"If money isn't loosened up, this sucker could go down" - George W. Bush warned in September 2008

Saturday, November 27, 2010

Really good links - Case against the Fed - Fiscal democracy - IOR - Bernanke and Palin - EMU - Boom-bust-bailout

Tyler Cowen - The case against the Fed is weak - "To whatever extent we can do without a Fed, it's because there are so many Treasury securities, which should be a sobering thought to a market-oriented perspective. If the Fed were shut down, over time the new base money would not be gold, "Hayeks," or a commodity bundle. It would be T-Bills. We would have achieved the full integration of the monetary and fiscal authority but to what useful end? (Better not balance the budget!) The real question is whether the Treasury should be the Fed or whether the Fed should be the Fed, but you won't often see it framed that way."

John McDermott - Democracy as a solution for fiscal crisis - "Imagine that in country X, measure A receives 90 per cent support in parliament but measure B squeezes through with only 51 per cent.
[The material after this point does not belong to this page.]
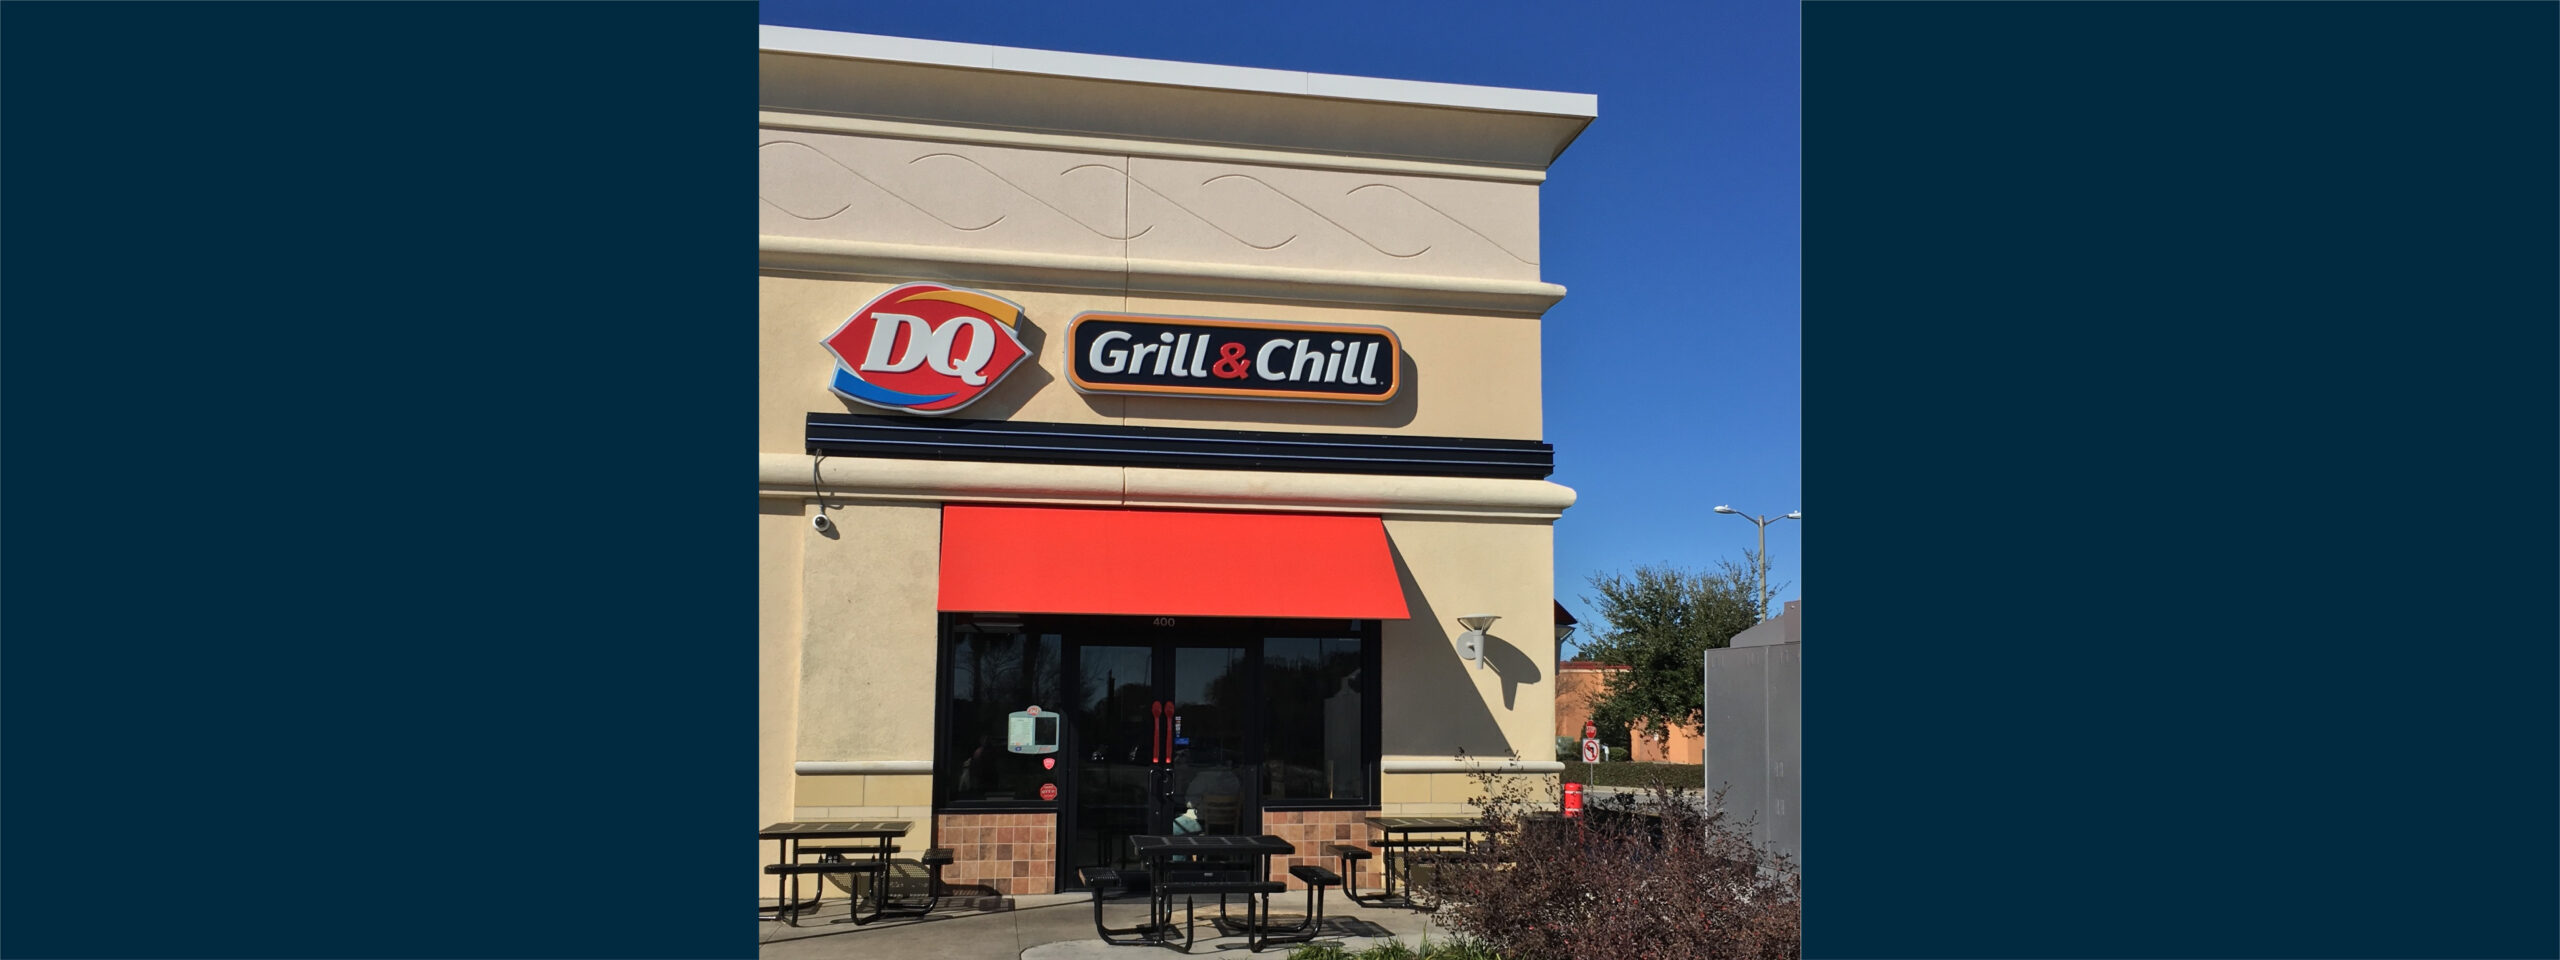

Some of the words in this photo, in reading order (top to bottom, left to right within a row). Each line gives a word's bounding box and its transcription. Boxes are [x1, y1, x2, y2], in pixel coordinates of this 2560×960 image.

[860, 312, 996, 387] DQ
[1088, 330, 1211, 378] Grill
[1255, 338, 1380, 386] Chill
[1152, 617, 1176, 627] 400
The bond issued to pay for measure A is given seniority. Its holders get paid before those with the bond behind measure B. (If measure C then receives 98 per cent support it would trump A, and so on.)
        [Hans Gerbach of the ETH says:] Vote-share government bonds align the strength of the political support for particular government activities with the pledge to repay debt. This is desirable in its own right, as voting for debt-financed government expenditures is connected to the willingness to repay. Accordingly, it may have a favourable effect on deliberation in democracy by linking debt-financing with repayment promises when political debates about new government expenditures take place."
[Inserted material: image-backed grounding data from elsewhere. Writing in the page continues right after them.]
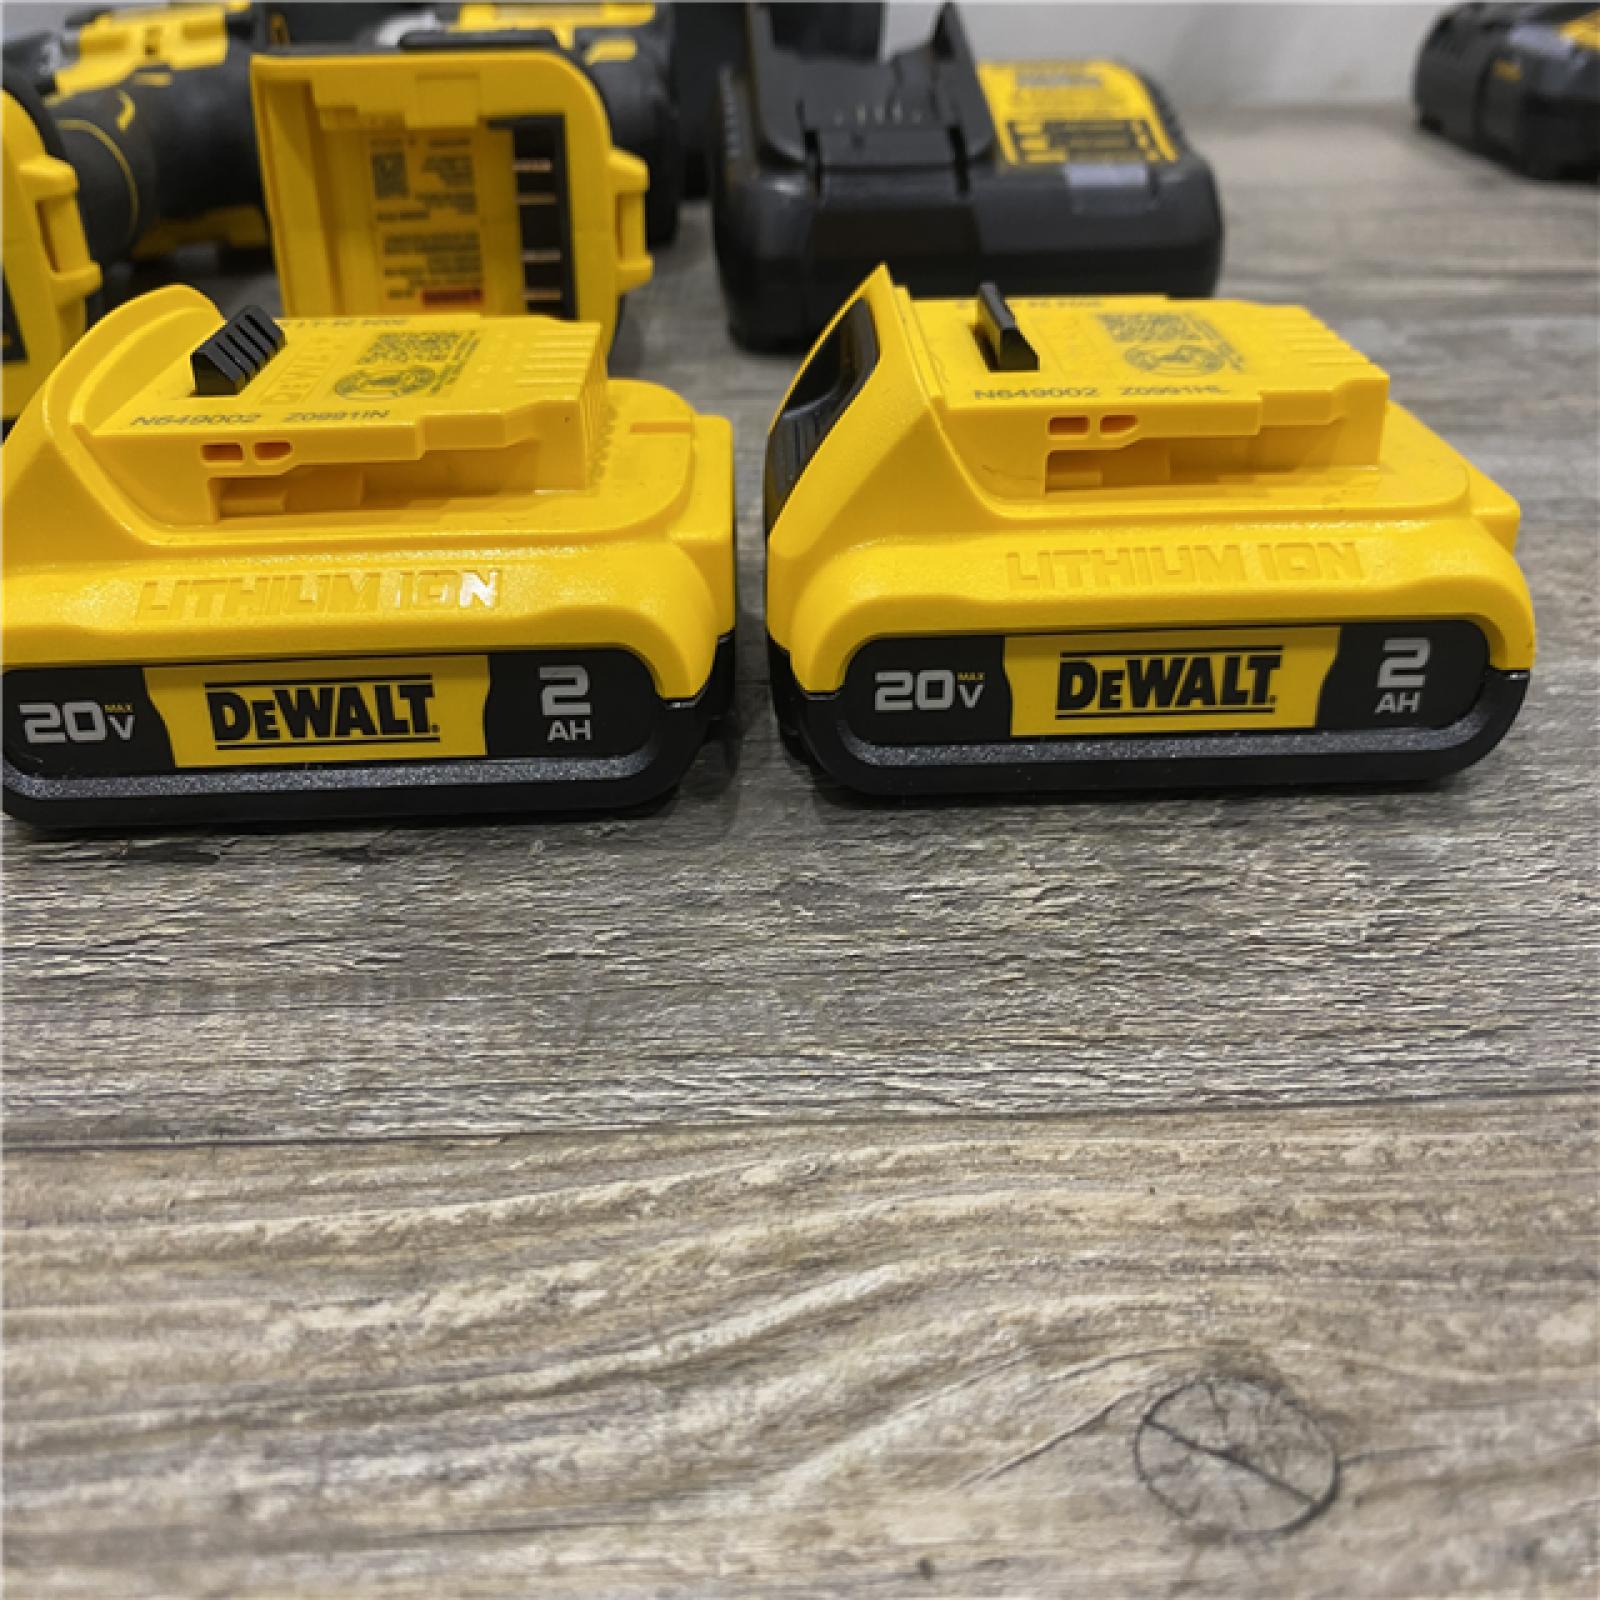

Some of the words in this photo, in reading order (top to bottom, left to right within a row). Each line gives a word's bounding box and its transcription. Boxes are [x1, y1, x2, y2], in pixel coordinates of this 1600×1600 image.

[1004, 543, 1247, 589] LITHIUM
[1256, 541, 1365, 581] ION
[135, 572, 381, 620] LITHIUM
[396, 568, 501, 609] ION
[1377, 637, 1431, 689] 2
[539, 664, 592, 716] 2
[1375, 691, 1421, 714] AH
[547, 719, 592, 742] AH
Bill Woolsey - Interest on reserves and inflation - "Murphy does make an odd error when discussing the possible strategy of the Fed paying higher interest on reserves. He says that investors will figure out that an exponential increase in reserves will hardly allow the Fed to control inflation. Now, suppose the expected inflation rate does rise to 10 percent and that a 12 percent interest rate is needed so that the demand for reserves will be high enough so that the demand for base money remains $2.6 trillion. Murphy seems to imagine that since each reserve balance would increase by 12 percent each year, base money would rise at a 12 percent annual rate. No. The Fed would simply have to sell between $200 billion and $300 billion in assets each year to leave base money the same. Rather than having to sell off $1.8 trillion in assets post haste, they could sell much fewer assets and prevent any excess inflation."
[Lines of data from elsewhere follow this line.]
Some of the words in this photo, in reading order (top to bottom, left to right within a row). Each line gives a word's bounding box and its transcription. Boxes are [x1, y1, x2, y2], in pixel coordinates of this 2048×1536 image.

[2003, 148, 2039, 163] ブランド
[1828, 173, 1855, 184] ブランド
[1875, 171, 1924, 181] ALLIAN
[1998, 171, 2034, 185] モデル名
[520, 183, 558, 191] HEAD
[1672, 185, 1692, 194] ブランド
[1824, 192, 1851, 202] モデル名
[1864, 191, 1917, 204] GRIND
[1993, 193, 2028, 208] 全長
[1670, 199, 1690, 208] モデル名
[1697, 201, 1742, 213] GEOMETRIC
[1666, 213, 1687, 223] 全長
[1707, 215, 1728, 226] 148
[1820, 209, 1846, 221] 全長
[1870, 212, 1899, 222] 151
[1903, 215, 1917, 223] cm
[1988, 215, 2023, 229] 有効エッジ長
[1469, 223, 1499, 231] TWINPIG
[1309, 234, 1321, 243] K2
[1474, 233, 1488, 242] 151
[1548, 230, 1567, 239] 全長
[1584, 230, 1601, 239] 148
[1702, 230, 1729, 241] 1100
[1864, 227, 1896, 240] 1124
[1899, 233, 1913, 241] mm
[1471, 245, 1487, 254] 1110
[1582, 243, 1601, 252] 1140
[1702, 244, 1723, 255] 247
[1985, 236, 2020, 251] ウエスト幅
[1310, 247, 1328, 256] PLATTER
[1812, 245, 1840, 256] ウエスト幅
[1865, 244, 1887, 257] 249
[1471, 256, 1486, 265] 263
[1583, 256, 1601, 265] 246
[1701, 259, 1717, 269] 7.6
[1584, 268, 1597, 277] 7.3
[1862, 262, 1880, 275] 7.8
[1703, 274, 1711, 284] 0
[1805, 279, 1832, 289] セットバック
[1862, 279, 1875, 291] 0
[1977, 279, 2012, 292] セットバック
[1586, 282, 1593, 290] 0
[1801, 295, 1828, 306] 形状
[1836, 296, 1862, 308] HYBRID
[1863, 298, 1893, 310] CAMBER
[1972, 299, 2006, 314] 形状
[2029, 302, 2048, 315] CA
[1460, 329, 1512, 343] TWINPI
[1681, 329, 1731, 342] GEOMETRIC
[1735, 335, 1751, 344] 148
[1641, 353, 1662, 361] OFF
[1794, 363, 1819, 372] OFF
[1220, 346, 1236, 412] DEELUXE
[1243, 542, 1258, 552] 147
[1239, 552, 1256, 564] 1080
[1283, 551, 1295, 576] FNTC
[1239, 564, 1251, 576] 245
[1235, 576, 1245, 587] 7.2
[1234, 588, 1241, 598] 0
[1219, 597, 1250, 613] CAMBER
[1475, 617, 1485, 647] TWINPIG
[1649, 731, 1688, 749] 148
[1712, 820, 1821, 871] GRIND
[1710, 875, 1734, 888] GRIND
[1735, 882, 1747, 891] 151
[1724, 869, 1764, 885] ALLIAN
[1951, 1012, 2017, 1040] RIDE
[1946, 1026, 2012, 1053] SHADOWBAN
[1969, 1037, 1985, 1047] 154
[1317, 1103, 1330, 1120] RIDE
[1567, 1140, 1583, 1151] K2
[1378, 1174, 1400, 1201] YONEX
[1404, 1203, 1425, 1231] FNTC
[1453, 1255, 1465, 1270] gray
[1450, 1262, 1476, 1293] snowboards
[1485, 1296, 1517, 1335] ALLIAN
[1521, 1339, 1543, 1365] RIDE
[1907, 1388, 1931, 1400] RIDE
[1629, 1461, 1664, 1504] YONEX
Scott Sumner - Ben Bernanke and Sarah Palin - "The reason QE worked was not the operation itself (which I agree does little or nothing) but rather because it tells the market that the Fed is now more serious about boosting long term prices and NGDP. In other words they are now willing to leave that base money out there long enough to get closer to their implicit inflation target. The Fed was afraid to directly call for higher inflation (something Krugman thinks could work) so they spoke in code, hoping the markets would understand them but Sarah Palin would not. Unfortunately for Bernanke, Sarah Palin has advisers who know exactly what the Fed was up to. "

Ambrose Evans-Pritchard - Way out for EMU - "A reader asked me this week whether there is any graceful way to avoid this coming chain of disasters.
Yes, there are two options, neither entirely graceful. The European Central Bank can print money like a drunken sailor, flood the bond markets with €2 trillion, and tank the euro against China’s yuan for good measure.
        If the Germans refuse to accept this, they should abandon EMU at once, leaving France and southern Europe with the residual euro and the institutions of monetary union. Existing euro debt contracts would be upheld. Germany would revalue – alone or with Finns, Dutch, etc - so holders of Bunds would enjoy a windfall gain.
        France could revive the Latin Union of the late 19th Century, a more benign venture than the Máquina Infernal now asphyxiating Portugal, and deflating Spain.
        Any better ideas out there?"

Simon Johnson - Boom-Bust-Bailout - "In “The Quiet Coup,” published in Atlantic magazine in May 2009, I compared the U.S. economic boom-bust-bailout cycle to what has become typical in emerging middle-income countries such as Russia, Argentina or Indonesia. Just don’t think these problems are limited to emerging markets.
        There is a much more general or global phenomenon in which powerful people cooperate to build an economic model that provides growth based on a great deal of debt. When the crisis comes, those who control the state try to save their favorite oligarchs, but there aren’t enough resources to go around."